* TASK OBJECTIVE:
The whole listing, exactly as given: write it out, leaving out each image.

+++ GIVEN DATA

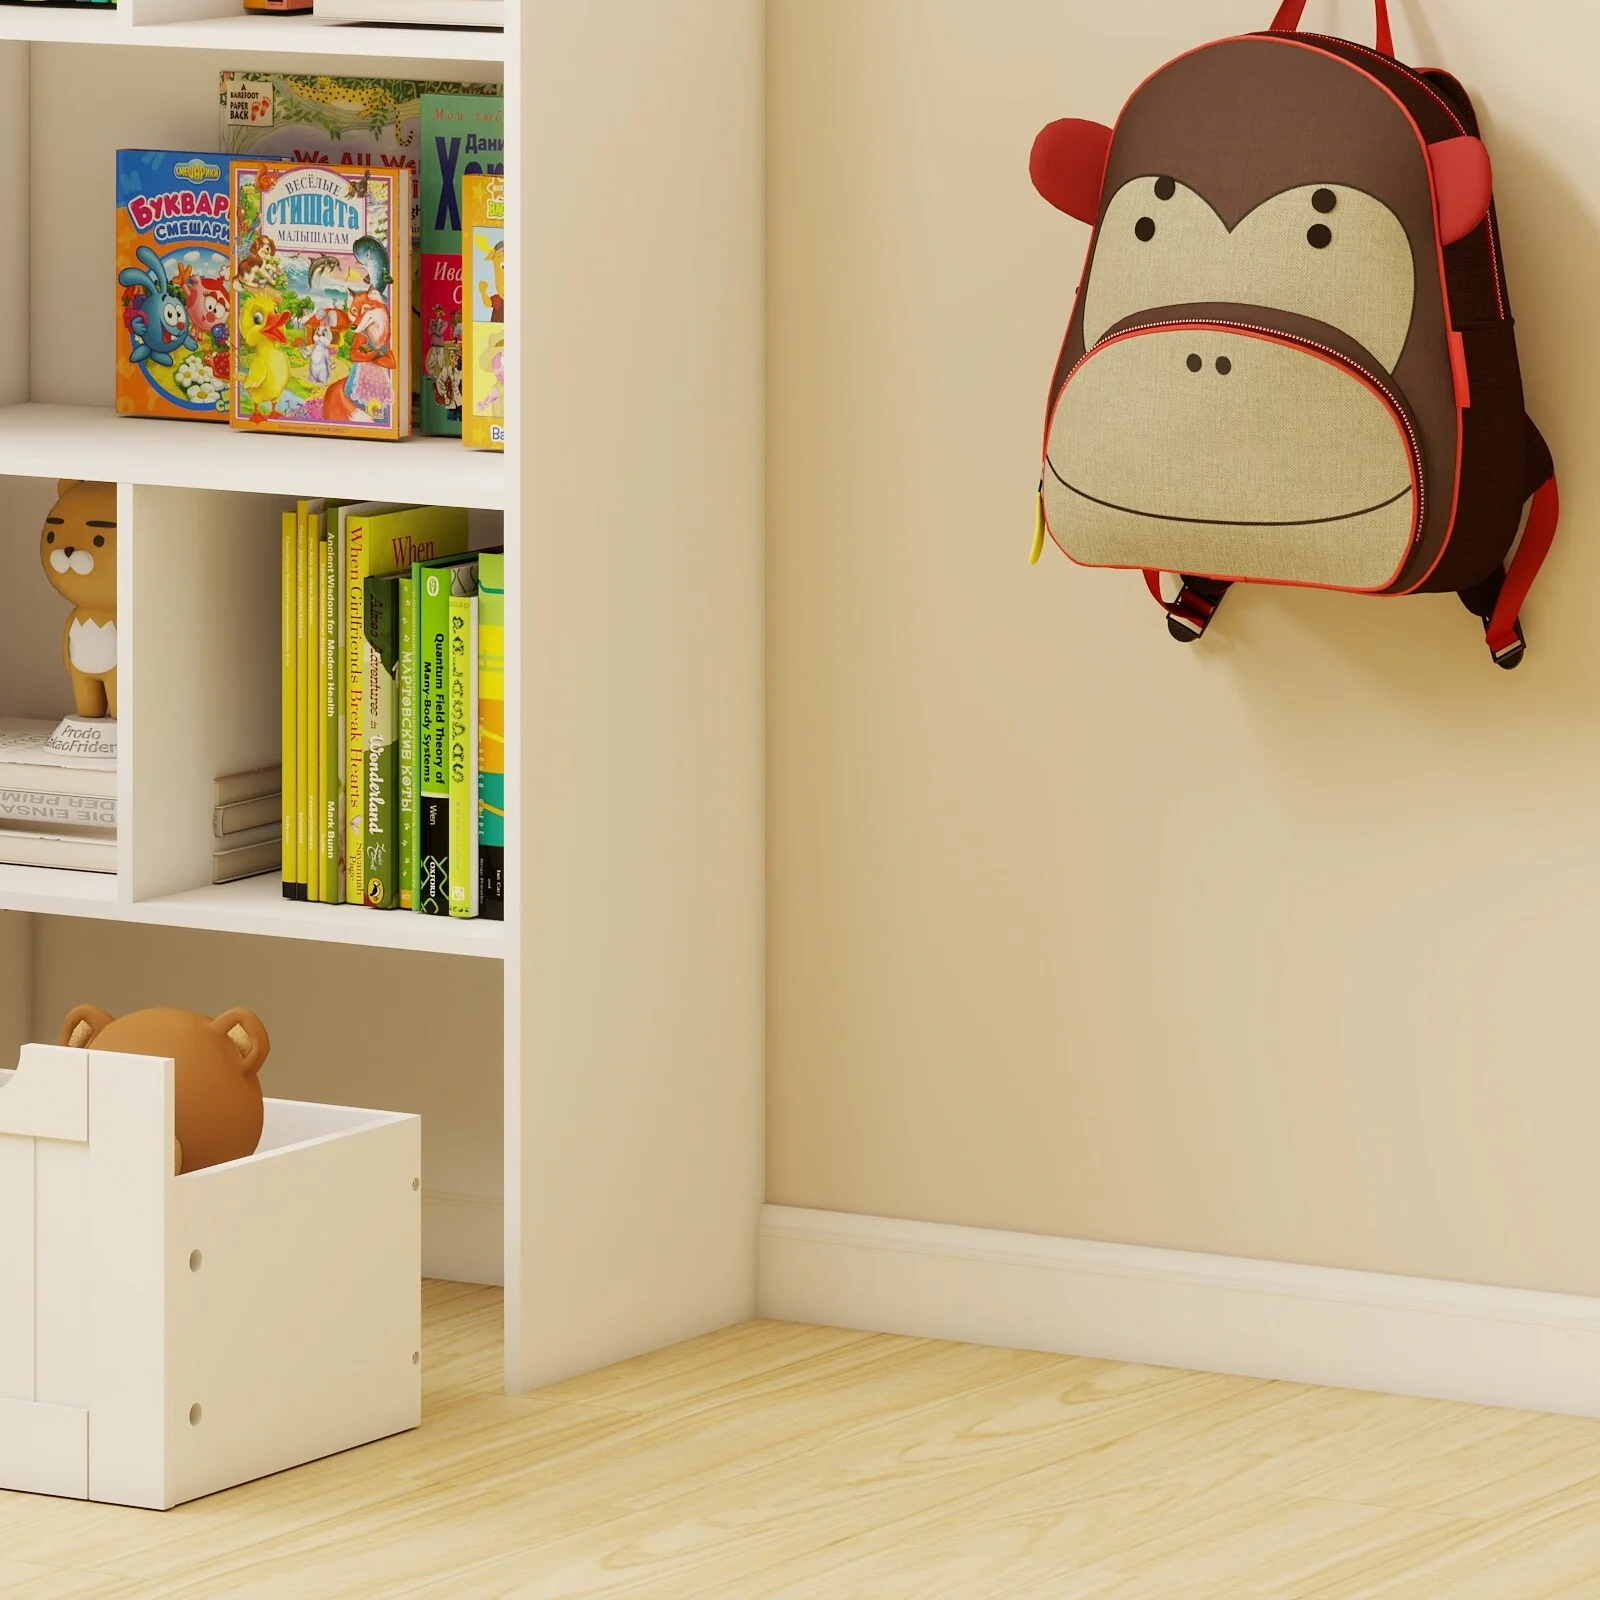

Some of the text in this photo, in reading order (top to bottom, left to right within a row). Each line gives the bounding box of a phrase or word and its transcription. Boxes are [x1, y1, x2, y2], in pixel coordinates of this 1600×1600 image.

[230, 102, 249, 110] PAPER
[230, 110, 249, 120] BACK
[285, 173, 341, 196] ВЕСЁЛЫЕ
[130, 191, 229, 227] БУКВАР
[277, 230, 350, 244] МАЛЫШАТАМ
[392, 536, 434, 568] When
[327, 532, 335, 717] Ancient Wisdom for Modern Health
[350, 527, 363, 808] When Girlfriends Break Hearts
[422, 661, 431, 783] Many-Body Systems
[434, 633, 444, 785] Quantum Field Theory of
[368, 734, 385, 834] Wonderland
[69, 796, 115, 811] DER
[78, 810, 115, 823] DIE
[429, 805, 437, 825] Wen
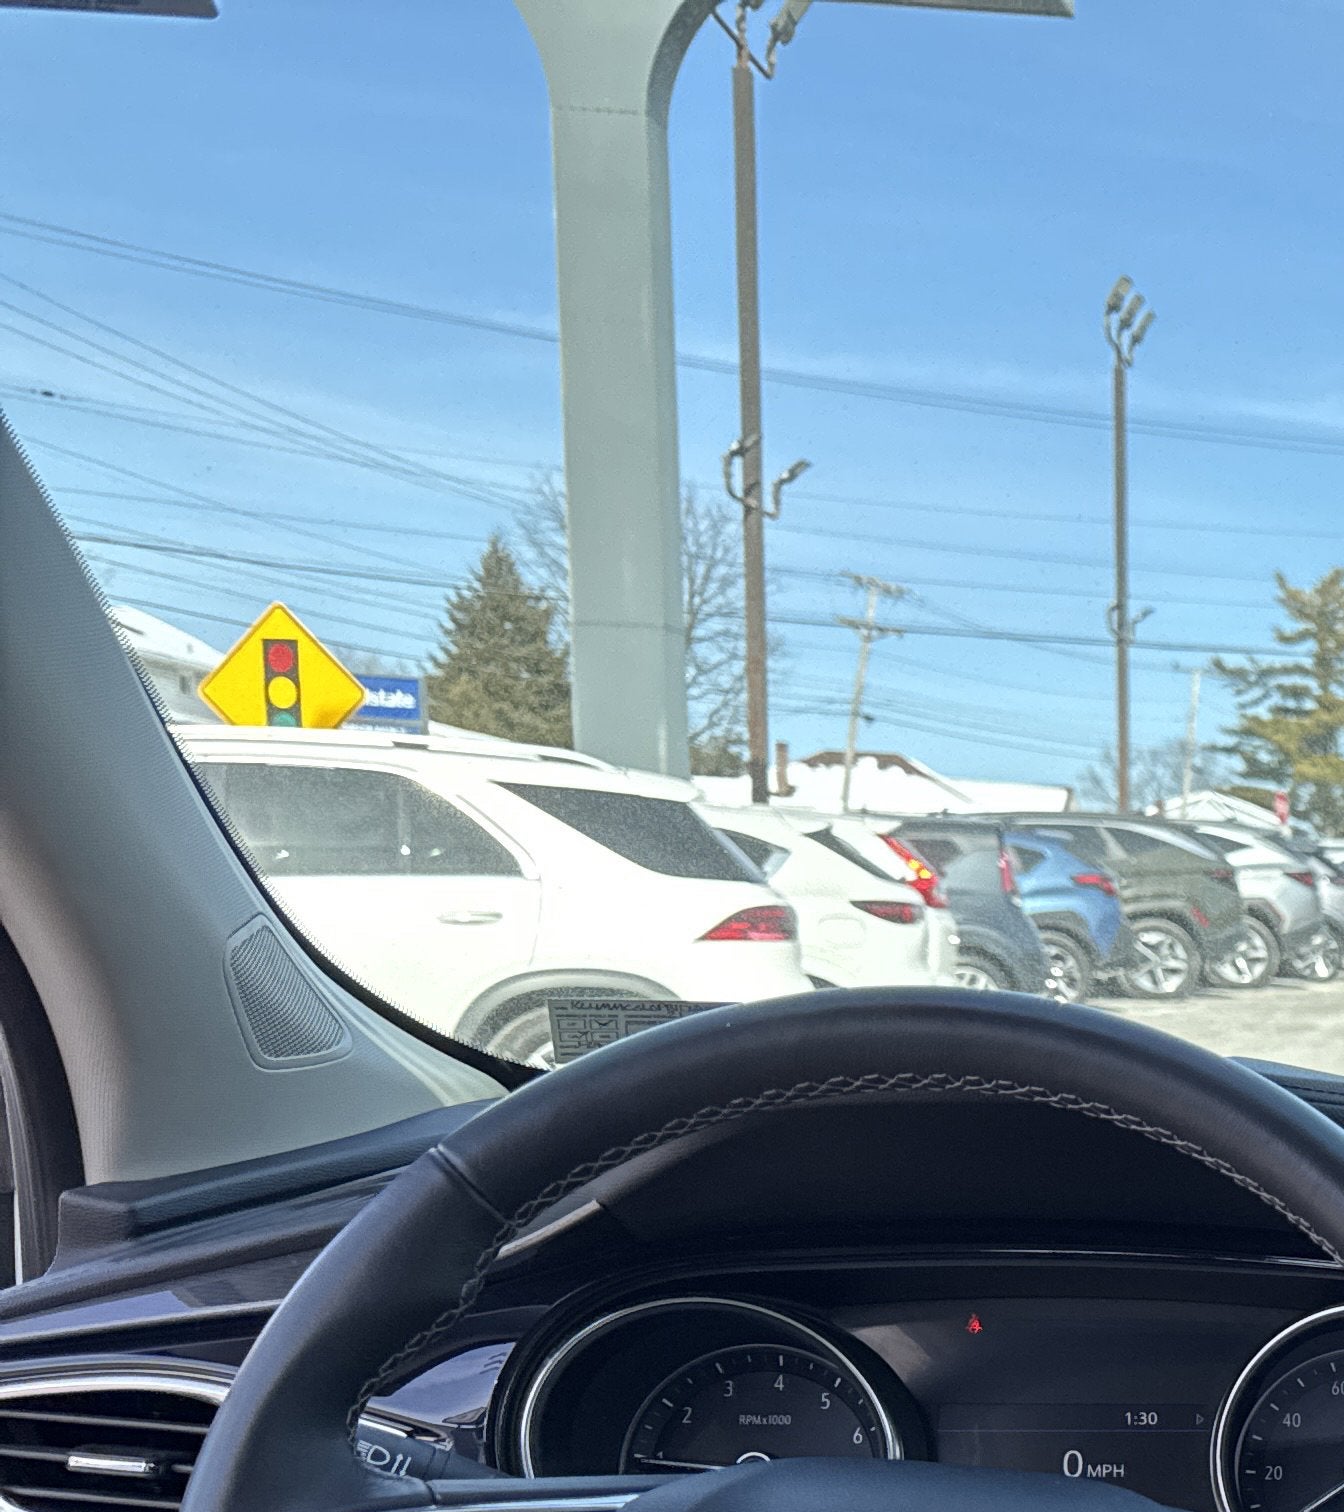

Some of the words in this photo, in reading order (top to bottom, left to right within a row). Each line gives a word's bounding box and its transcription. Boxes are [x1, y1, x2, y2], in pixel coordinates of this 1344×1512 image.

[723, 1379, 734, 1397] 3
[773, 1374, 784, 1391] 4
[820, 1392, 831, 1410] 5
[681, 1406, 692, 1424] 2
[1124, 1411, 1158, 1426] 1:30
[1282, 1412, 1301, 1428] 40
[852, 1426, 863, 1444] 6
[1063, 1449, 1083, 1478] 0
[1086, 1463, 1125, 1478] MPH
[1264, 1465, 1283, 1481] 20

++++++

* EXPECTED OUTPUT:
Some of the text in this photo, in reading order (top to bottom, left to right within a row). Each line gives the bounding box of a phrase or word and its transcription. Boxes are [x1, y1, x2, y2], in pixel coordinates of this 1600×1600 image.

[230, 102, 249, 110] PAPER
[230, 110, 249, 120] BACK
[285, 173, 341, 196] ВЕСЁЛЫЕ
[130, 191, 229, 227] БУКВАР
[277, 230, 350, 244] МАЛЫШАТАМ
[392, 536, 434, 568] When
[327, 532, 335, 717] Ancient Wisdom for Modern Health
[350, 527, 363, 808] When Girlfriends Break Hearts
[422, 661, 431, 783] Many-Body Systems
[434, 633, 444, 785] Quantum Field Theory of
[368, 734, 385, 834] Wonderland
[69, 796, 115, 811] DER
[78, 810, 115, 823] DIE
[429, 805, 437, 825] Wen

Some of the words in this photo, in reading order (top to bottom, left to right within a row). Each line gives a word's bounding box and its transcription. Boxes are [x1, y1, x2, y2], in pixel coordinates of this 1344×1512 image.

[723, 1379, 734, 1397] 3
[773, 1374, 784, 1391] 4
[820, 1392, 831, 1410] 5
[681, 1406, 692, 1424] 2
[1124, 1411, 1158, 1426] 1:30
[1282, 1412, 1301, 1428] 40
[852, 1426, 863, 1444] 6
[1063, 1449, 1083, 1478] 0
[1086, 1463, 1125, 1478] MPH
[1264, 1465, 1283, 1481] 20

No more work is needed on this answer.